(Referring expression grounding data)
**********
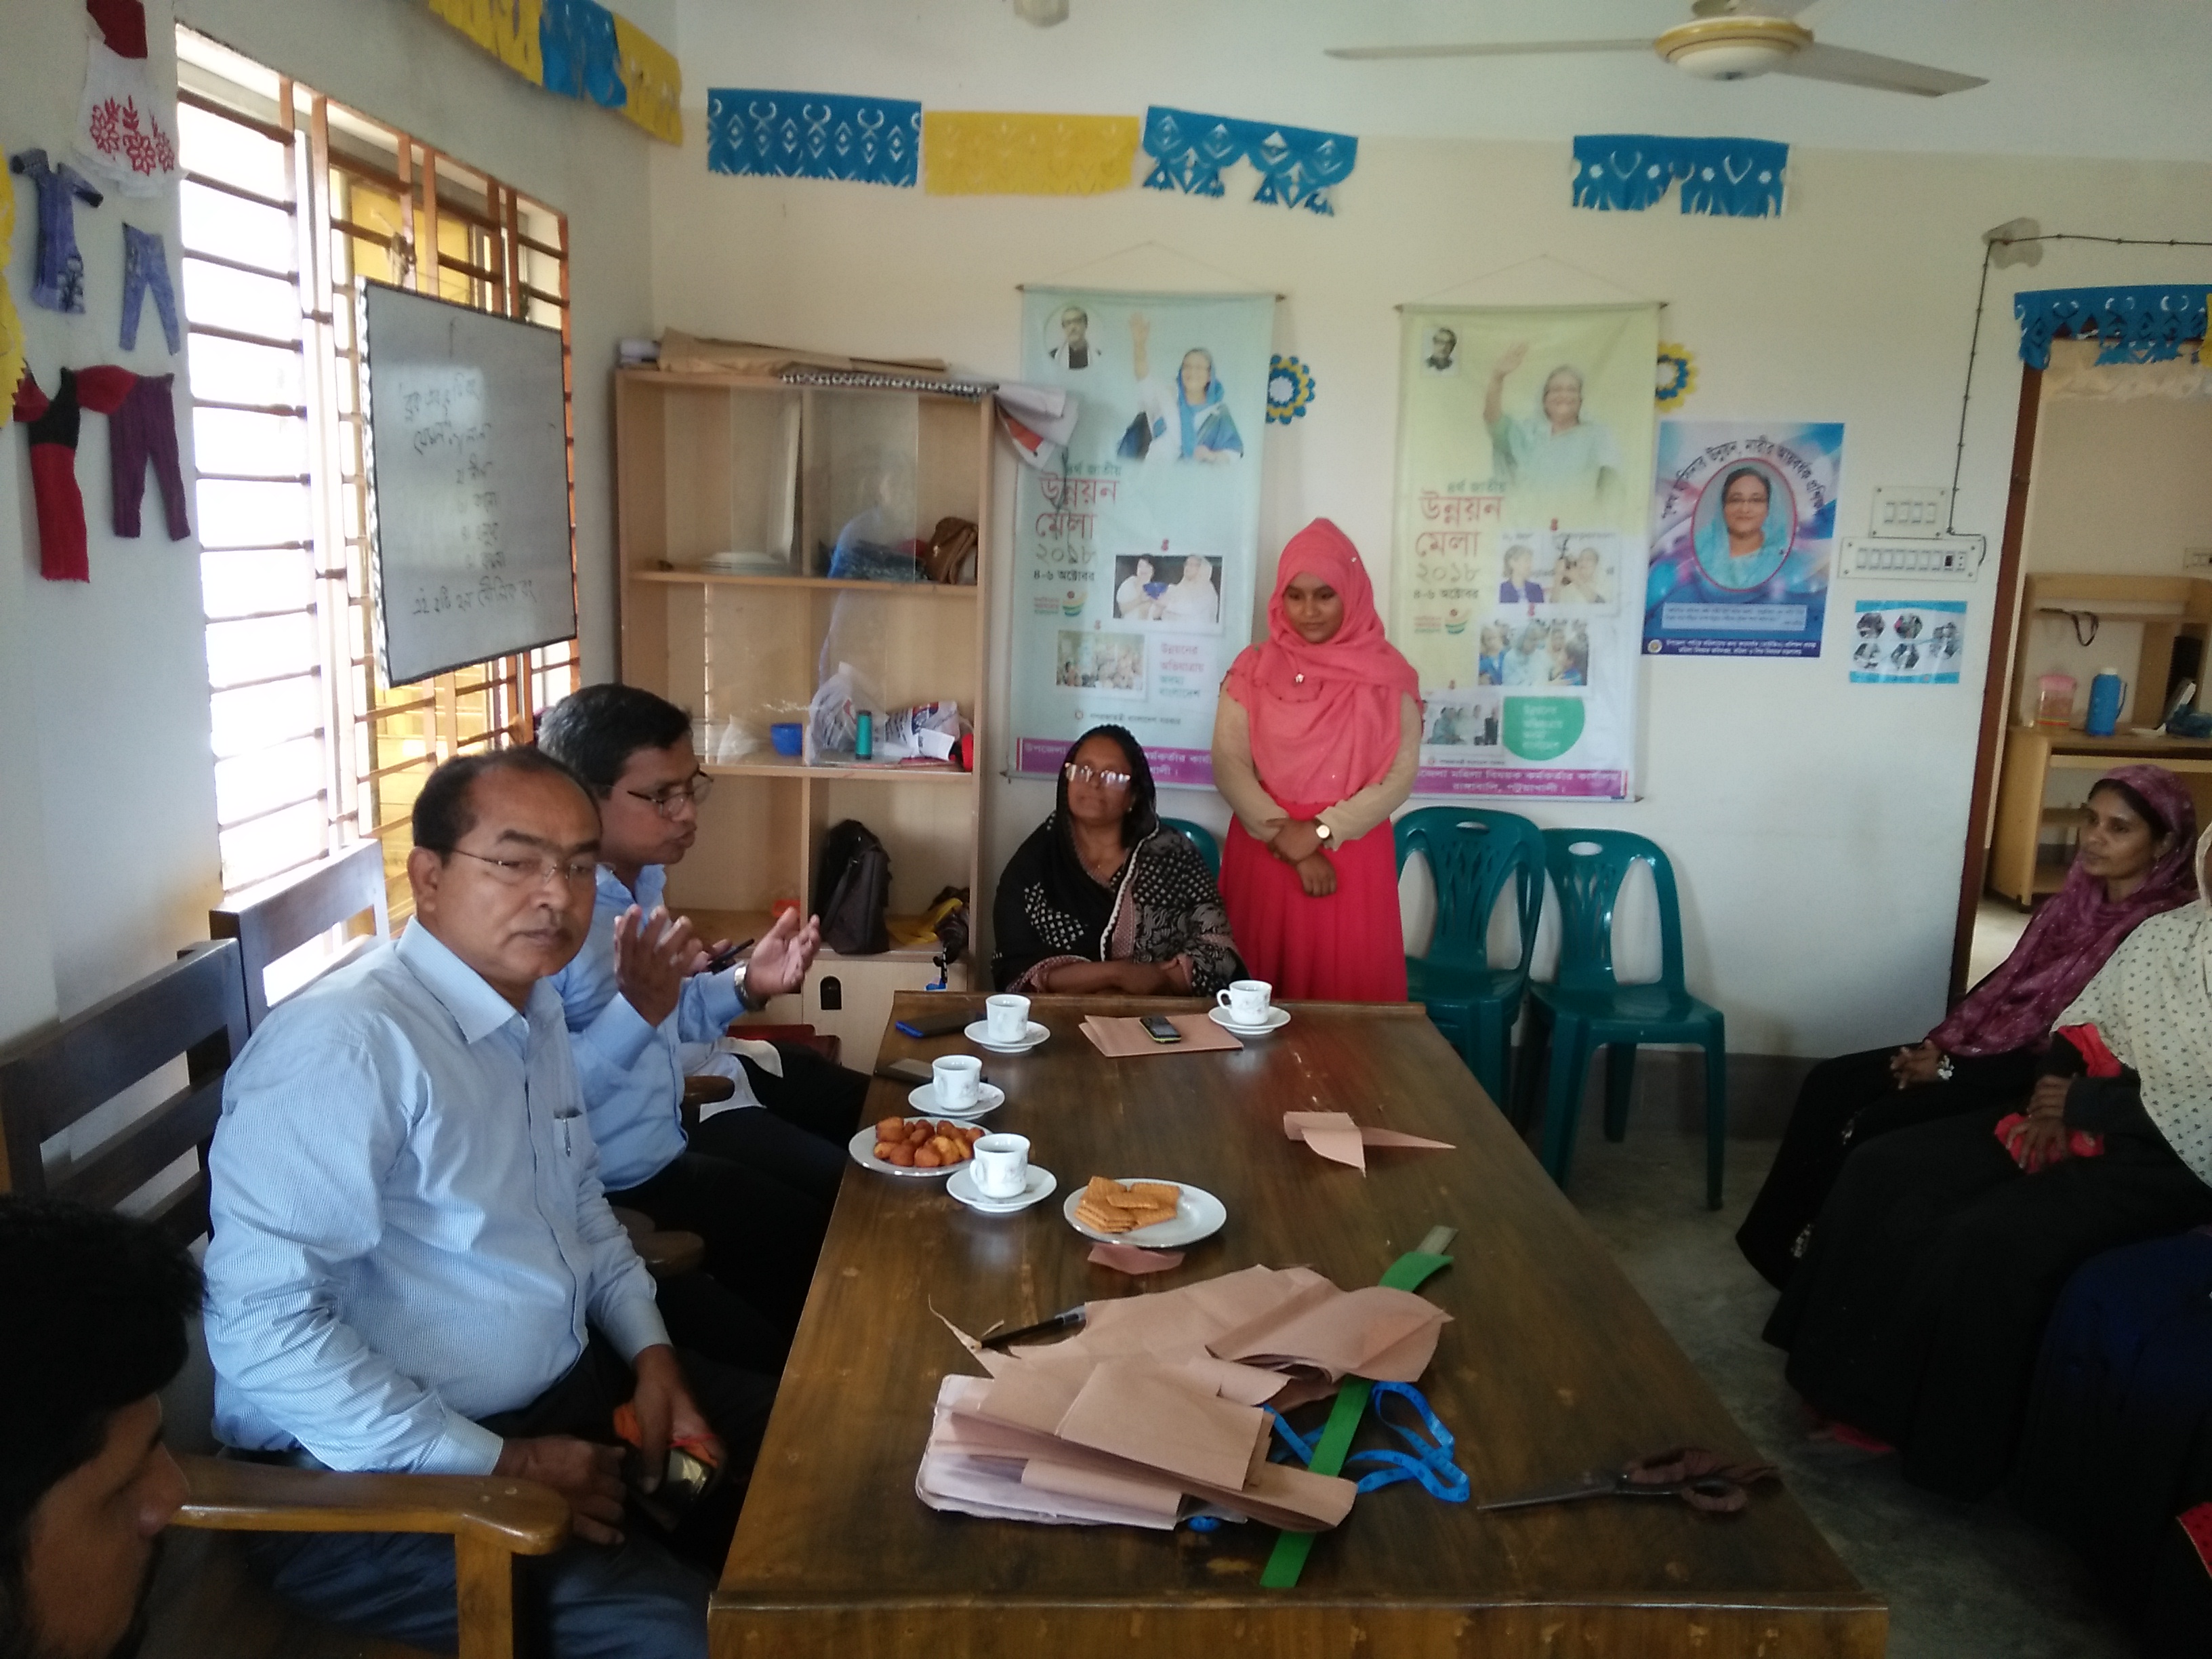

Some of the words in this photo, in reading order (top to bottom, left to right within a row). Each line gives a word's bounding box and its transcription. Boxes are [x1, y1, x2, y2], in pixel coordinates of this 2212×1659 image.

[1038, 472, 1120, 509] উন্নয়ন
[1419, 489, 1504, 527] উন্নয়ন
[1035, 512, 1098, 539] মেলা
[1036, 544, 1096, 565] ২০১৮
[1415, 531, 1482, 558] মেলা
[1058, 570, 1094, 582] অক্টোবর
[1416, 562, 1481, 584] ২০১৮
[1439, 588, 1479, 600] অক্টোবর
**********
Output the data above verbatim, pictures excluded.

Some of the words in this photo, in reading order (top to bottom, left to right within a row). Each line gives a word's bounding box and its transcription. Boxes are [x1, y1, x2, y2], in pixel coordinates of this 2212×1659 image.

[1038, 472, 1120, 509] উন্নয়ন
[1419, 489, 1504, 527] উন্নয়ন
[1035, 512, 1098, 539] মেলা
[1036, 544, 1096, 565] ২০১৮
[1415, 531, 1482, 558] মেলা
[1058, 570, 1094, 582] অক্টোবর
[1416, 562, 1481, 584] ২০১৮
[1439, 588, 1479, 600] অক্টোবর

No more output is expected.